The thing that really really pisses me off about this game isn’t the glitches, though. It’s the fucking weird ass naming conventions! I mean this race of.. err.. space chickens…(?)… have names like Jeff 52938442. Yep. Luckily you can rename them, but when someone befriends the newly christened Jeffarious, it’ll say friends with Jeff 52938442. Yep. Annoying. There is also the matter of personalities. Each citizen has their own individual personality! Yay! They’re special! These personality traits dictate what job they will be happy in the longest. And NO ONE is happy as either a builder or a miner long. Regardless of how good they are at it. It used to be that this would lead to depression and eventually someone would “forget they were out of air” outside and suffocate to death. Then their friends would fall into depression and stop eating, then die. Eventually the whole base became a noncommittal, Sam Neil-less emo redux of Event Horizon. But with a fix, now we can move on after a death and maybe only their friends will jump out the airlock doors.

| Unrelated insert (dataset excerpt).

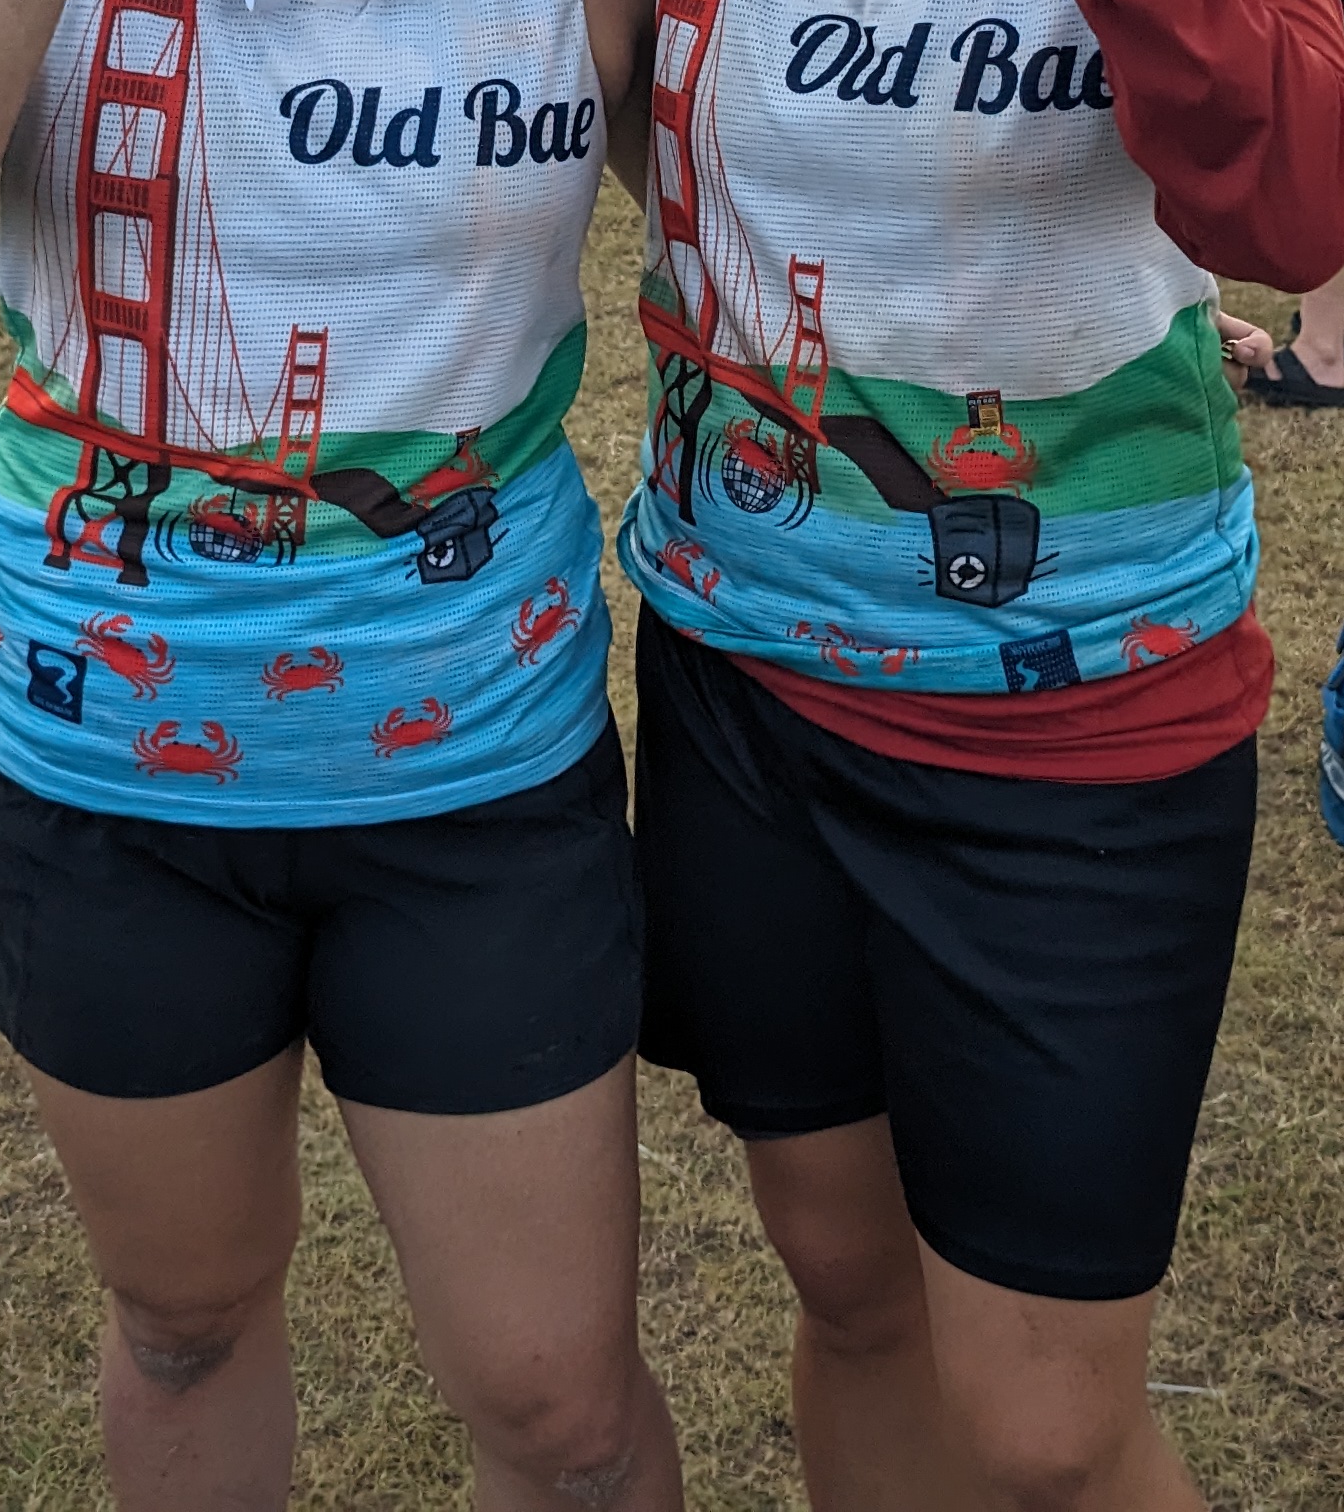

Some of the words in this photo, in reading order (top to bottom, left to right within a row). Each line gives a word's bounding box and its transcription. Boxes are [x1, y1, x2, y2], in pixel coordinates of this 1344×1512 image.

[785, 14, 933, 109] Old
[279, 78, 443, 168] Old
[463, 78, 595, 168] Bae

Unfortunately, this means the state of the game as of this post boils down to a constant juggle where you want your people to be happy and do ‘fun’ jobs, but need to get shit done and have to force unskilled morons to do hard labor for a couple weeks at a time.
Overall, if you like simulations, laser battles and sci fi games, this is a great buy. A little pricey for an alpha game at 25 dollars American on Steam, but it’s Steam. If you are that stingy, just wait until it inevitably goes on sale.